Saved data entries:
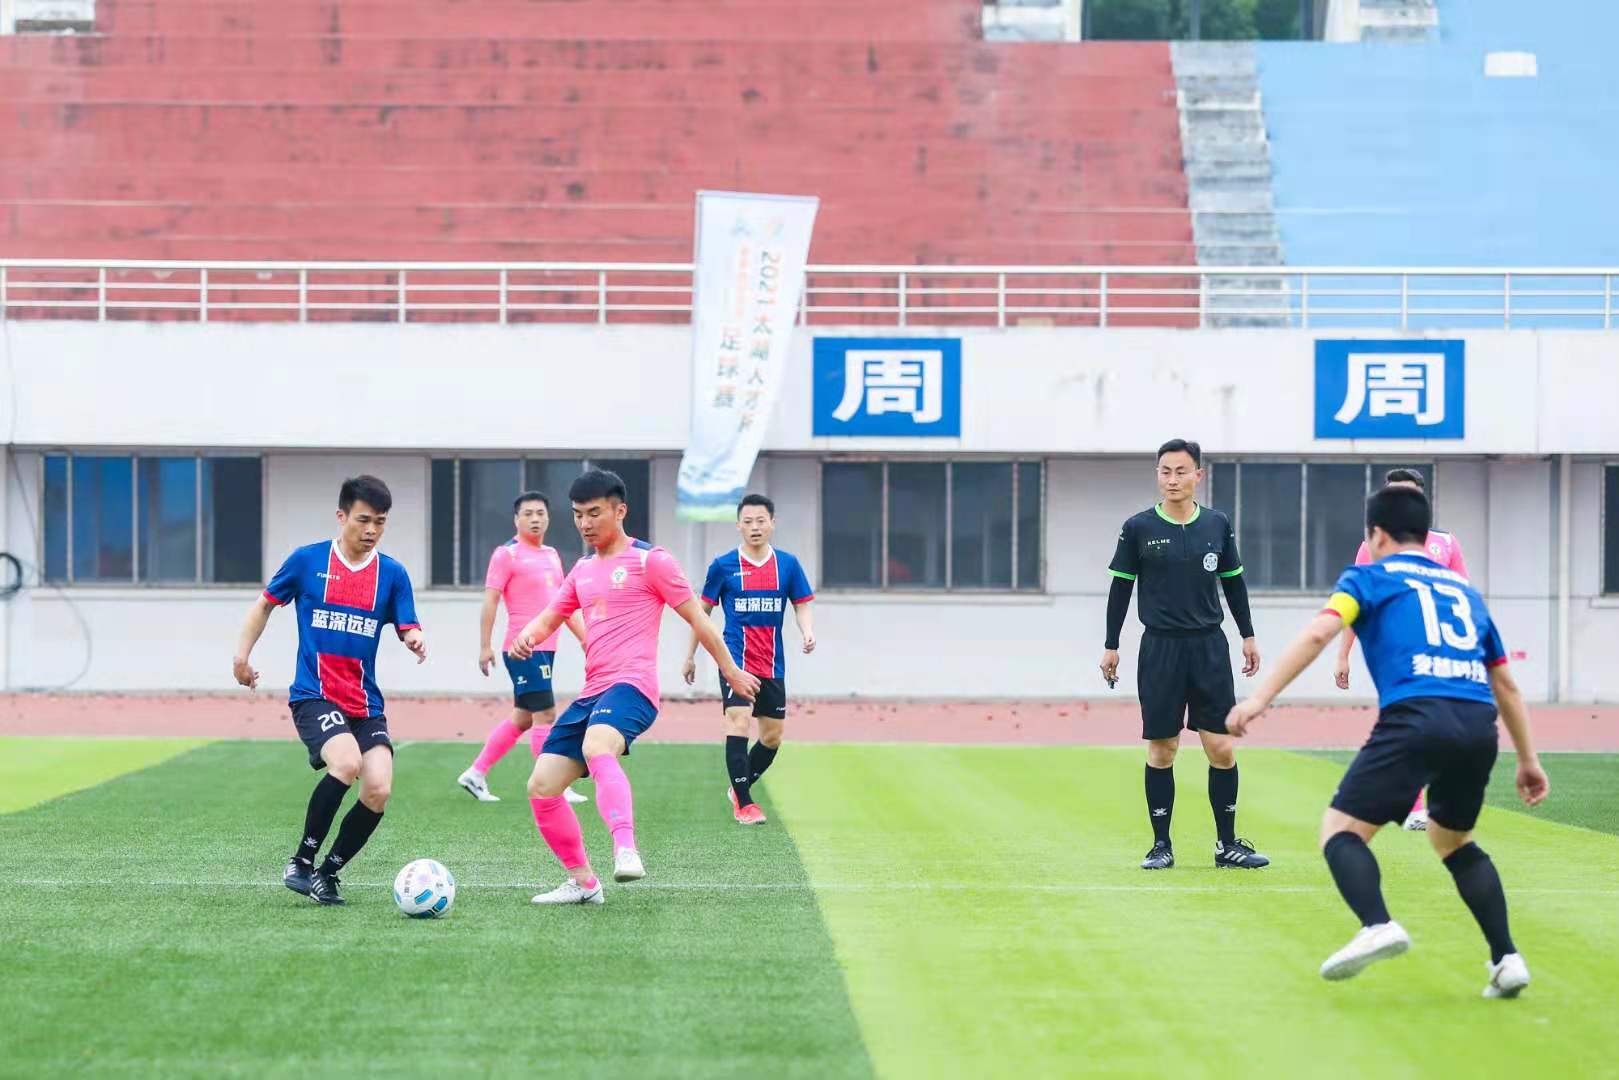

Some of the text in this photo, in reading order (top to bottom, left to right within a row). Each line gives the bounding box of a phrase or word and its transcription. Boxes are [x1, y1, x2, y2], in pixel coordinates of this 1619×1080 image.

[832, 349, 943, 423] 周
[1334, 352, 1445, 426] 周
[311, 608, 378, 638] 蓝深远望
[1404, 578, 1478, 651] 13
[317, 710, 345, 732] 20
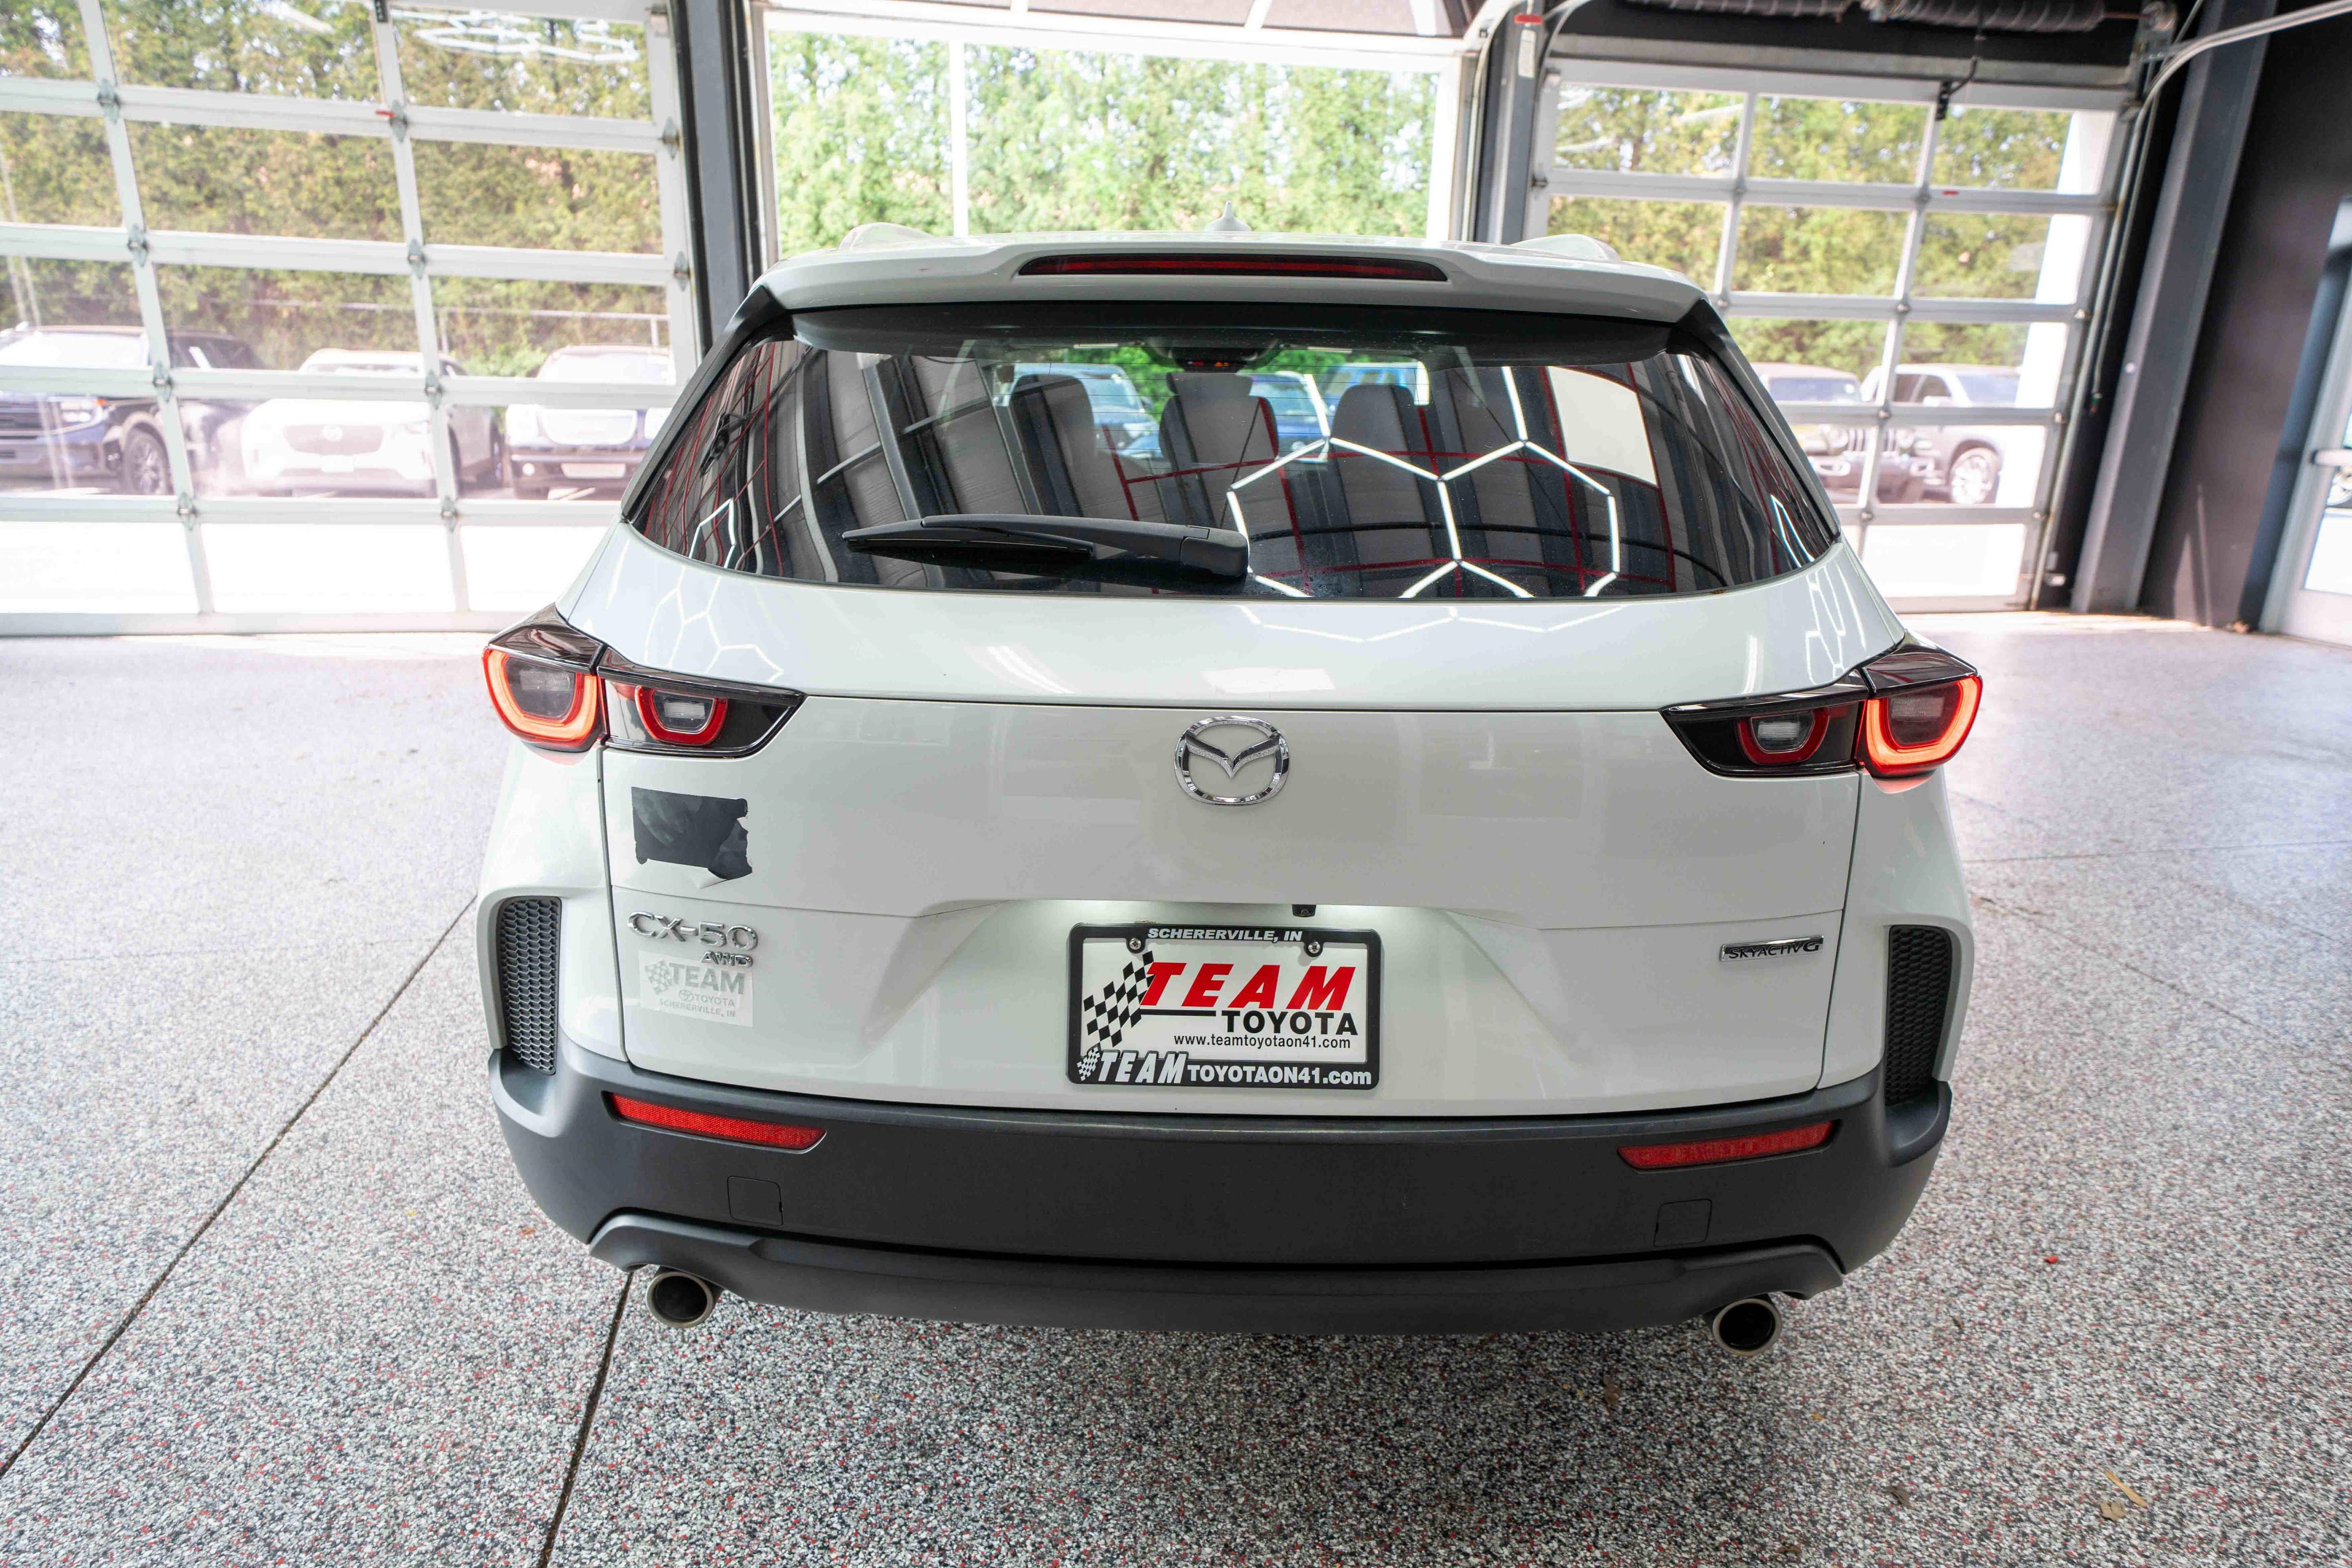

▶ _TASK DIRECTIONS_
Pictures stay out of the copy; please restate every record above exactly.

▶ _EXPECTED ANSWER_
Some of the text in this photo, in reading order (top to bottom, left to right within a row). Each line gives the bounding box of a phrase or word and its transcription. Boxes are [x1, y1, x2, y2], in pixel coordinates of this 1619×1080 image.

[832, 349, 943, 423] 周
[1334, 352, 1445, 426] 周
[311, 608, 378, 638] 蓝深远望
[1404, 578, 1478, 651] 13
[317, 710, 345, 732] 20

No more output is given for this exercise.